▶ _Spatial localization data_
- Opening Delimiter -

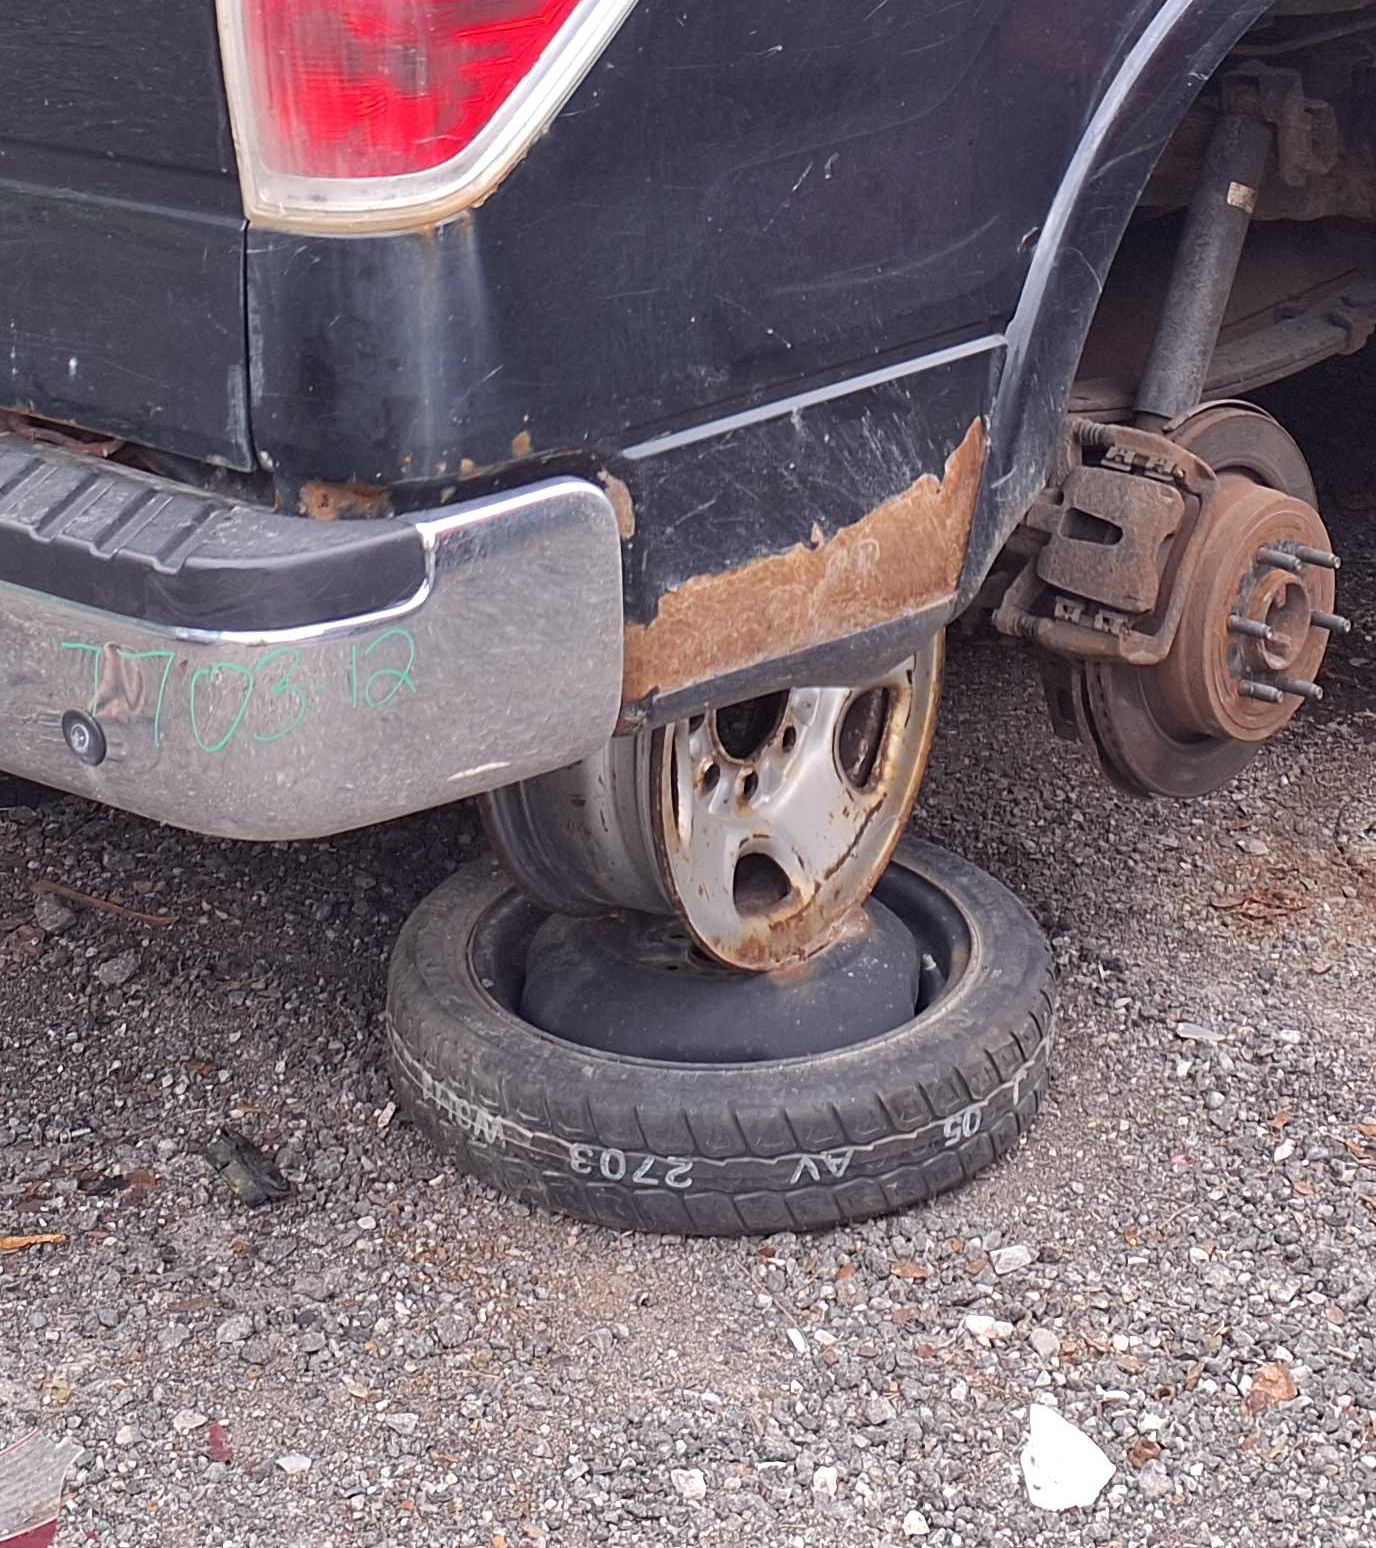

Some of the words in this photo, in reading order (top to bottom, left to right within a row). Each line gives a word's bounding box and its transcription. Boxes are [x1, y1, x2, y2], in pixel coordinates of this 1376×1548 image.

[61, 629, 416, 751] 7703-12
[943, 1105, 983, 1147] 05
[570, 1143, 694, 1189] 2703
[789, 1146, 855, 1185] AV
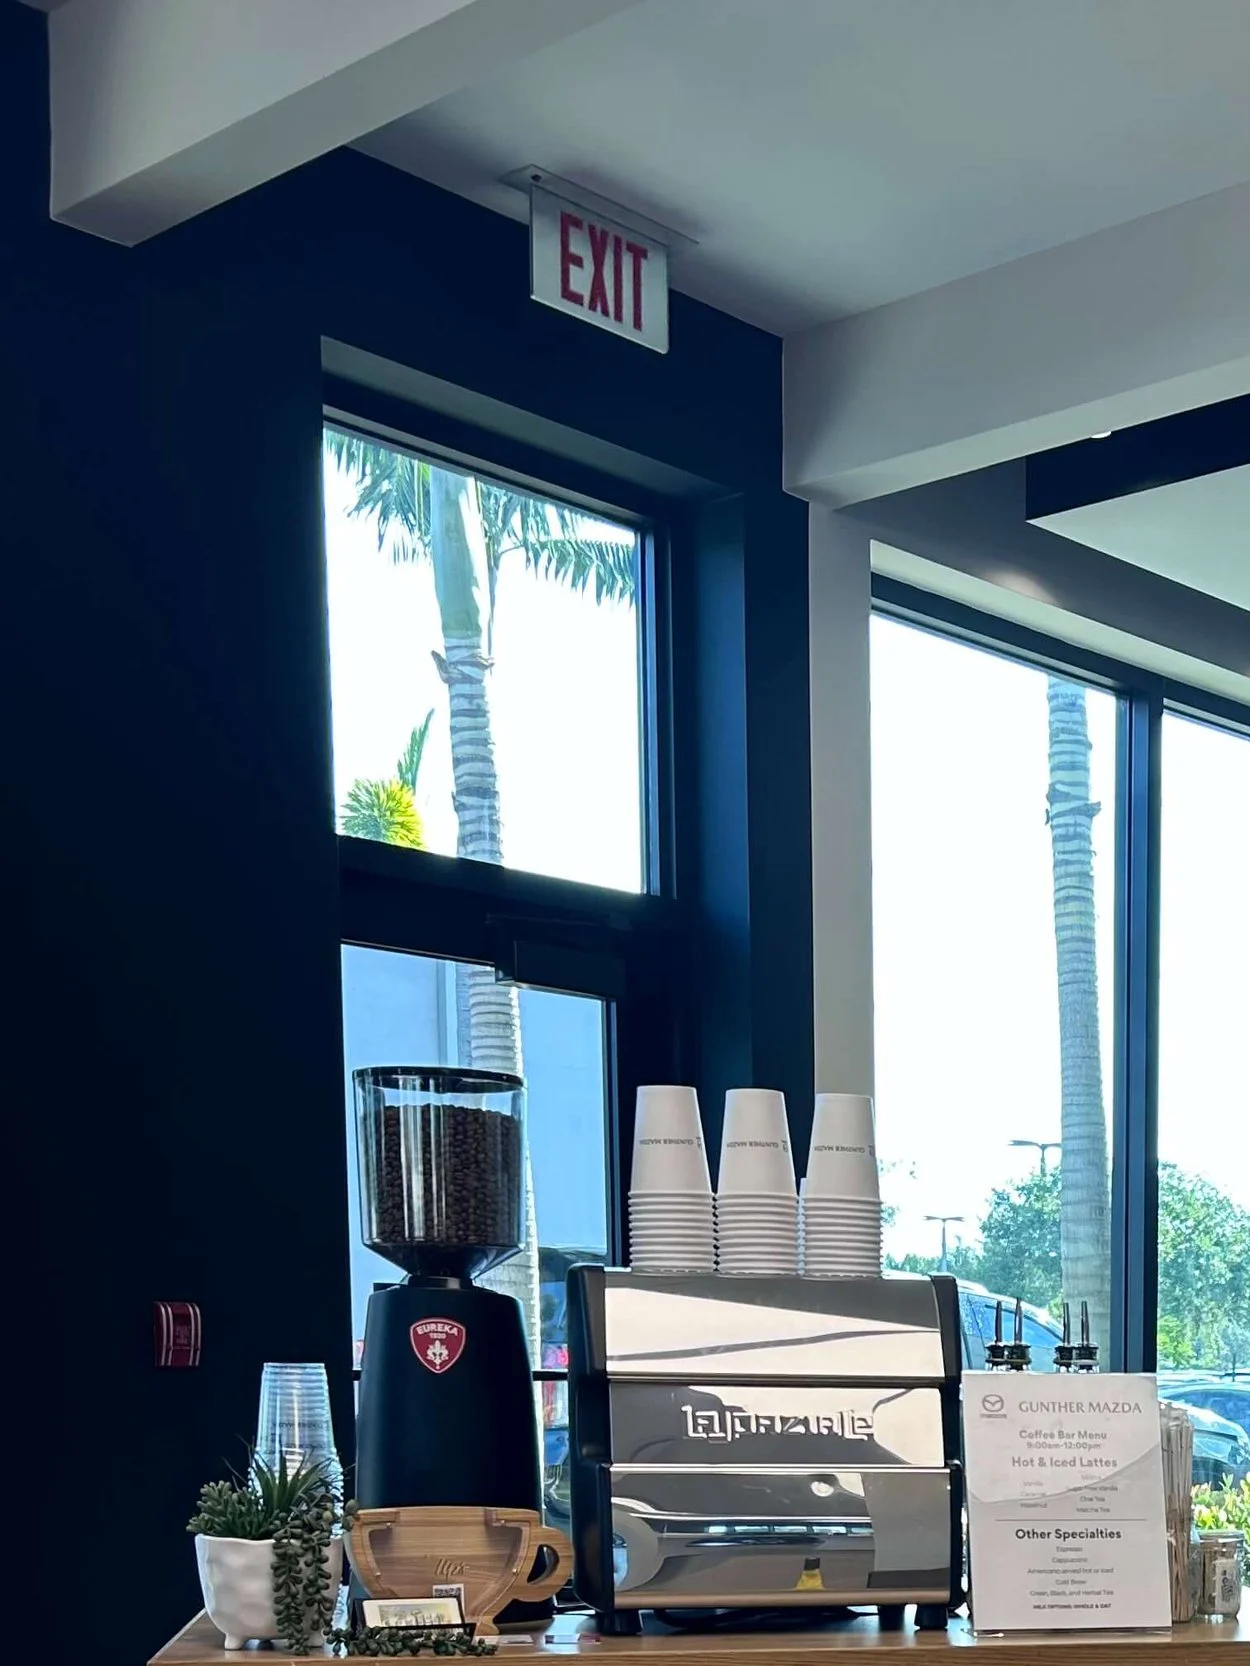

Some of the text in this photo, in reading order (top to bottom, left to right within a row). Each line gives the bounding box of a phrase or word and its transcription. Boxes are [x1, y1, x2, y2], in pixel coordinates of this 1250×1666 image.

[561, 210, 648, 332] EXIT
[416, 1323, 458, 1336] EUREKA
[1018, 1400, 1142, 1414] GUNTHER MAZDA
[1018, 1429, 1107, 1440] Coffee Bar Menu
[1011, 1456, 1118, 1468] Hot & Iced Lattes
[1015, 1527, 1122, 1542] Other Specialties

- Closing Delimiter -

▶ _EXERCISE REQUIREMENTS_
With the pictures omitted, the records above are to be repeated exactly.

▶ _RESPONSE BOX_
Some of the words in this photo, in reading order (top to bottom, left to right within a row). Each line gives a word's bounding box and its transcription. Boxes are [x1, y1, x2, y2], in pixel coordinates of this 1376×1548 image.

[61, 629, 416, 751] 7703-12
[943, 1105, 983, 1147] 05
[570, 1143, 694, 1189] 2703
[789, 1146, 855, 1185] AV

Some of the text in this photo, in reading order (top to bottom, left to right within a row). Each line gives the bounding box of a phrase or word and its transcription. Boxes are [x1, y1, x2, y2], in pixel coordinates of this 1250×1666 image.

[561, 210, 648, 332] EXIT
[416, 1323, 458, 1336] EUREKA
[1018, 1400, 1142, 1414] GUNTHER MAZDA
[1018, 1429, 1107, 1440] Coffee Bar Menu
[1011, 1456, 1118, 1468] Hot & Iced Lattes
[1015, 1527, 1122, 1542] Other Specialties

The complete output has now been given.